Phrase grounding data
__________
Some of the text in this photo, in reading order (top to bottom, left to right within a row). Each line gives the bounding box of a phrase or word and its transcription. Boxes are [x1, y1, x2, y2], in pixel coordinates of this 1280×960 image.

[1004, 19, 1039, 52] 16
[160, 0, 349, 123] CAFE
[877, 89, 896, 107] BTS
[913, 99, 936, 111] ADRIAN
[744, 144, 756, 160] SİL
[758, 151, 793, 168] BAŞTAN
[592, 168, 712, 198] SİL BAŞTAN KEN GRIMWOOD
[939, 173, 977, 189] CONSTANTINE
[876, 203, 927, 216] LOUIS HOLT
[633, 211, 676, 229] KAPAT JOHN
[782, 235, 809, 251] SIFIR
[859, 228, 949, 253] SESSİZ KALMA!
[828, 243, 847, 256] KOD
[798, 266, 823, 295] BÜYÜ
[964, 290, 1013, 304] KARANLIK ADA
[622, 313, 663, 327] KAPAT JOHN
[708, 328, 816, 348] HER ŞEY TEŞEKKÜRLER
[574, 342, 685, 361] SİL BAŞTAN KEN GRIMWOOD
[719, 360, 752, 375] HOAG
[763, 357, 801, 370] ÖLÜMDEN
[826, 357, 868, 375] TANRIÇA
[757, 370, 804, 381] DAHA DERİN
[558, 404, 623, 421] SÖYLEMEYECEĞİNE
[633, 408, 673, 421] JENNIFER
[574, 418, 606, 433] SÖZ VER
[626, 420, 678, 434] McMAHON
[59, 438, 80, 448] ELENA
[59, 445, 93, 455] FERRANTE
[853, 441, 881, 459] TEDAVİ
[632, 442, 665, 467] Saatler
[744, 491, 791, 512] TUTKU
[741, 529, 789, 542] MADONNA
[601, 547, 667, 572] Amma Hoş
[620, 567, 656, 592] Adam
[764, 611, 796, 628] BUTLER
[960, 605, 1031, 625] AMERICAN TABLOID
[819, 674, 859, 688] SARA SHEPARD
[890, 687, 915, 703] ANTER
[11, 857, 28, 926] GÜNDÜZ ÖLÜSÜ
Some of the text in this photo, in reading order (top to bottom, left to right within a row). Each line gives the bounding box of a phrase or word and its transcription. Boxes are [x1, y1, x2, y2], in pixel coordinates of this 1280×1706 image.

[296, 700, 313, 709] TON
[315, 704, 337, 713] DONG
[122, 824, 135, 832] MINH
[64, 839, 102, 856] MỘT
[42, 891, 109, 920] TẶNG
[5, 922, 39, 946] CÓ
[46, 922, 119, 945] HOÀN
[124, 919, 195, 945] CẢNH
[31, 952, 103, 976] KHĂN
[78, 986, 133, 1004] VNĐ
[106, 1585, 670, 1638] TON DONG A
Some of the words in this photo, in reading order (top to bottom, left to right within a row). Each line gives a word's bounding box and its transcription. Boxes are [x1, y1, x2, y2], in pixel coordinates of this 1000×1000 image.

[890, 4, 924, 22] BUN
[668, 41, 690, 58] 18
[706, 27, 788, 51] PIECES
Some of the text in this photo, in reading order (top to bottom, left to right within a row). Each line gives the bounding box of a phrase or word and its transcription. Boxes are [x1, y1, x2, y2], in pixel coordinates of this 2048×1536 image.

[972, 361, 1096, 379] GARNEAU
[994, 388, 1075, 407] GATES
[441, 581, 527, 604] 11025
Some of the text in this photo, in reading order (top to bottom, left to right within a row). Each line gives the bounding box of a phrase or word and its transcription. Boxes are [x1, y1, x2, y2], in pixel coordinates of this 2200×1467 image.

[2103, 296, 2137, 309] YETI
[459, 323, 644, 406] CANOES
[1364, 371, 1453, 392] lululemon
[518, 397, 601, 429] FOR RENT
__________
> **YOUR ASSIGNMENT**
Print exactly the lines from the one with "this 2200×1467 image." through the end of the data, inclusive.

> **OUTPUT FOR THIS TASK**
Some of the text in this photo, in reading order (top to bottom, left to right within a row). Each line gives the bounding box of a phrase or word and its transcription. Boxes are [x1, y1, x2, y2], in pixel coordinates of this 2200×1467 image.

[2103, 296, 2137, 309] YETI
[459, 323, 644, 406] CANOES
[1364, 371, 1453, 392] lululemon
[518, 397, 601, 429] FOR RENT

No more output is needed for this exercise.